👍👍
I'm also Indian, and have little sympathy for those who are unable to stand up to their parents. Classic example is my wife (white girl from Idaho). My parents met her and decided, "she wasn't good enough for me" and told me that if I chose to marry her, they would cut me off and all my financial responsibilities would be my own. I told them that they gotta do what they gotta do, and I gotta do what I gotta do. They respect me more for having done what I did.

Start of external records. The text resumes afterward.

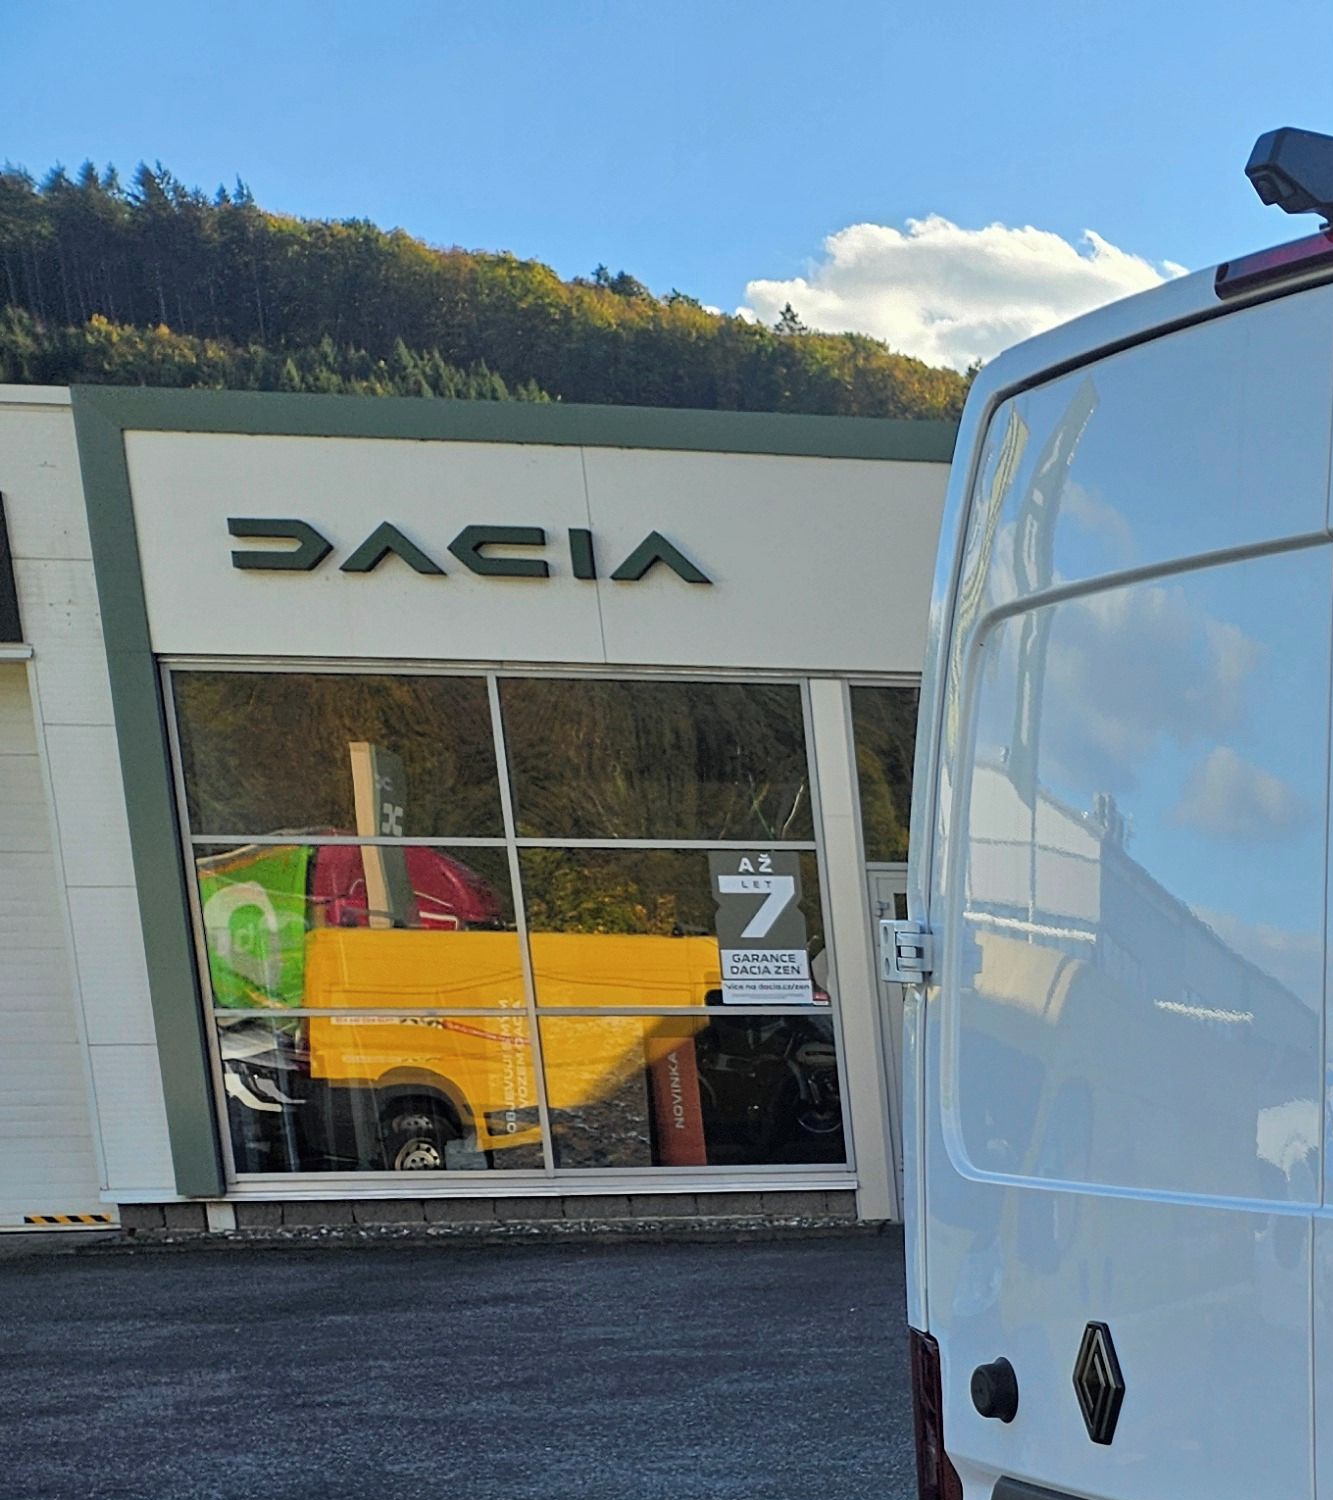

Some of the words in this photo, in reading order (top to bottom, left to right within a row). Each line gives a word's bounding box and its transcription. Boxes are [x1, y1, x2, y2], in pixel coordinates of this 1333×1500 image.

[226, 517, 714, 584] DACIA
[738, 853, 773, 873] AŽ
[741, 881, 772, 889] LET
[718, 875, 795, 938] 7
[730, 966, 771, 975] DACIA
[774, 965, 801, 975] ZEN
[732, 954, 796, 963] GARANCE
[512, 1000, 524, 1049] DACA
[667, 1052, 685, 1129] NOVINKA
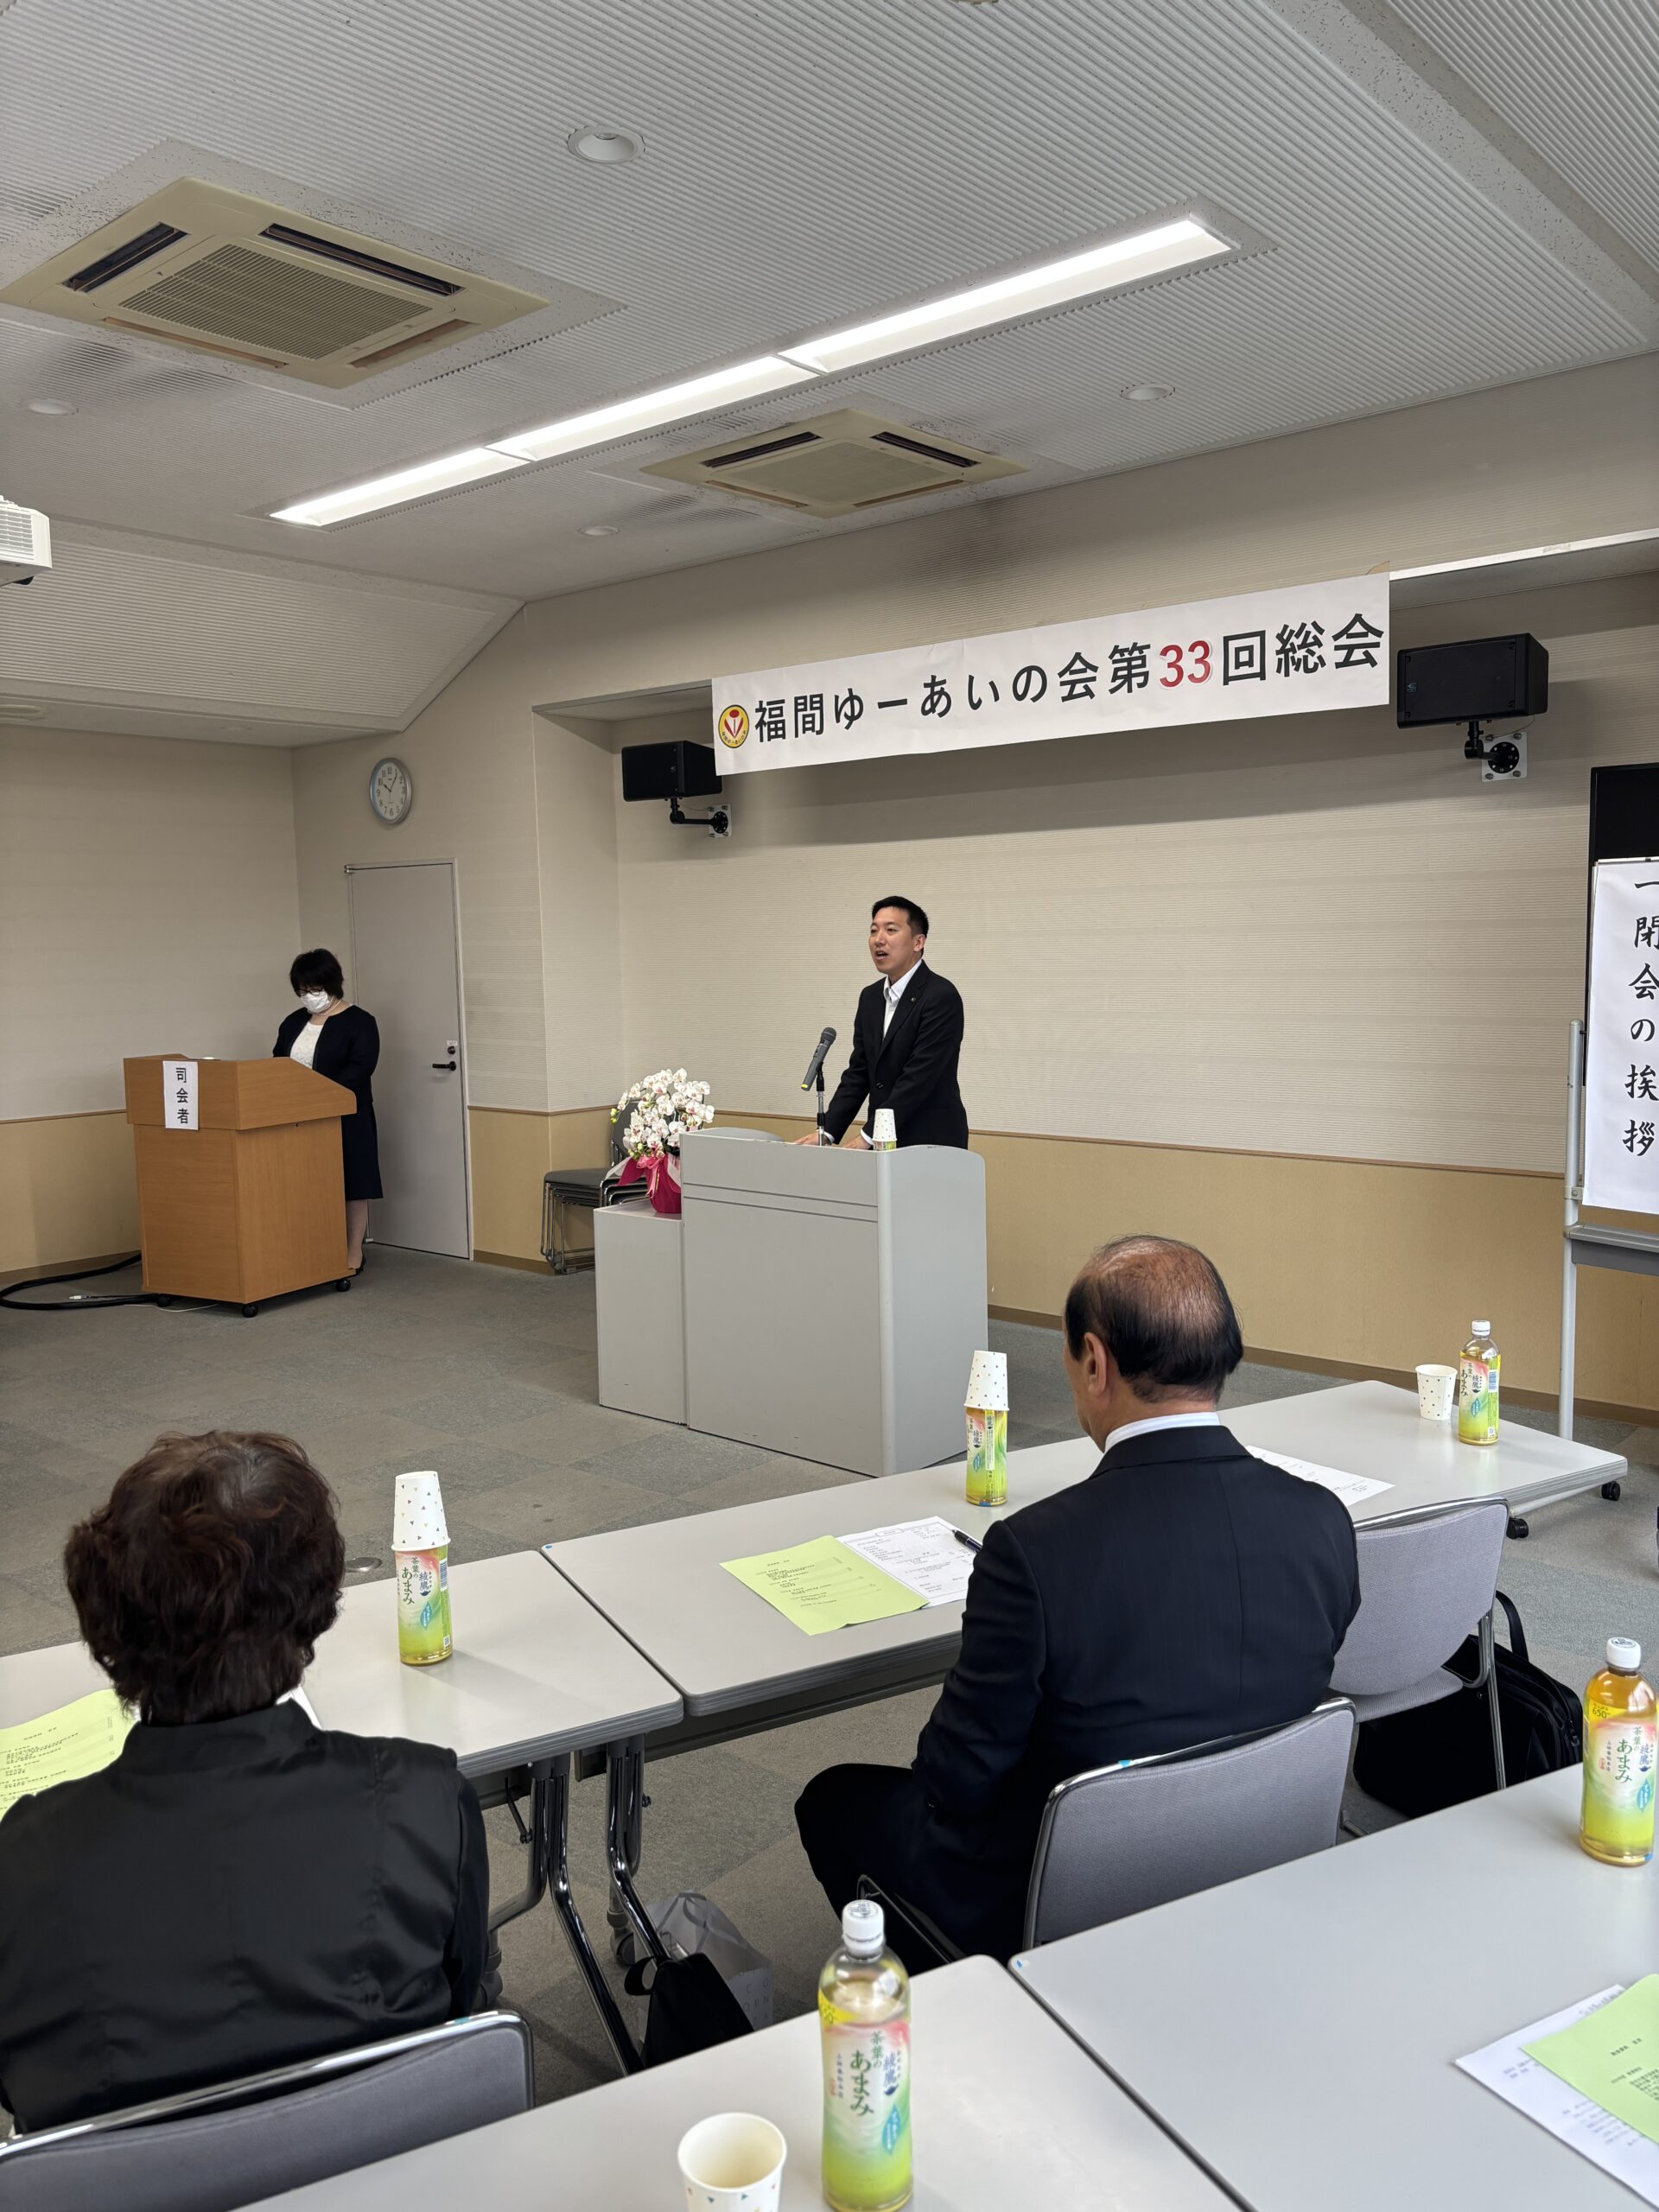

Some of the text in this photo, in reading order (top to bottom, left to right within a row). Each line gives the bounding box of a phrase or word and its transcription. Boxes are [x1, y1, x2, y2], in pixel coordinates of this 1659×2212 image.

[754, 613, 1384, 743] 福間ゆーあいの会第33回総会
[175, 1067, 189, 1124] 司会者
[402, 1567, 415, 1605] あまみ
[1615, 1738, 1632, 1783] あまみ
[850, 2050, 874, 2116] あまみ

My parents also pushed me into medicine, but I always loved medicine (specifically the idea of surgery) from a young age. I had many arguments with them, and at one point wanted to do something else just to spite them. Believe me, I know how our culture stresses that if you're not a professional, you're a total failure. I don't place much value in such a shallow community's opinion, to be honest with you. My experience has shown me that the community, (your parents included) will respect you much more once you show them that you have a pair of testicles and are a man. Show them that the power of the purse-strings (their favorite ace-in-the-hole) means nothing, and that in America, once you're 18, you can get a job and an apartment and live without mummy and daddy.
They don't want to cut you off and kick you out. Kids are the only thing Indian parents live for. It's at the root of the problem--they don't have lives of their own. Seriously--do your parents have any hobbies besides telling you how to live your life? Mine sure didn't.
Not being physicians, they didn't understand what this whole process entailed. Sure they're willing to pay application fees and pay for Kaplan and med school tuition...my parents are completely baffled at why I never have time to call them. It's like, "Duh, I'm a surgery resident. And I have a wife and a house to tend to." They respect me a lot more nowadays, that's for damn sure.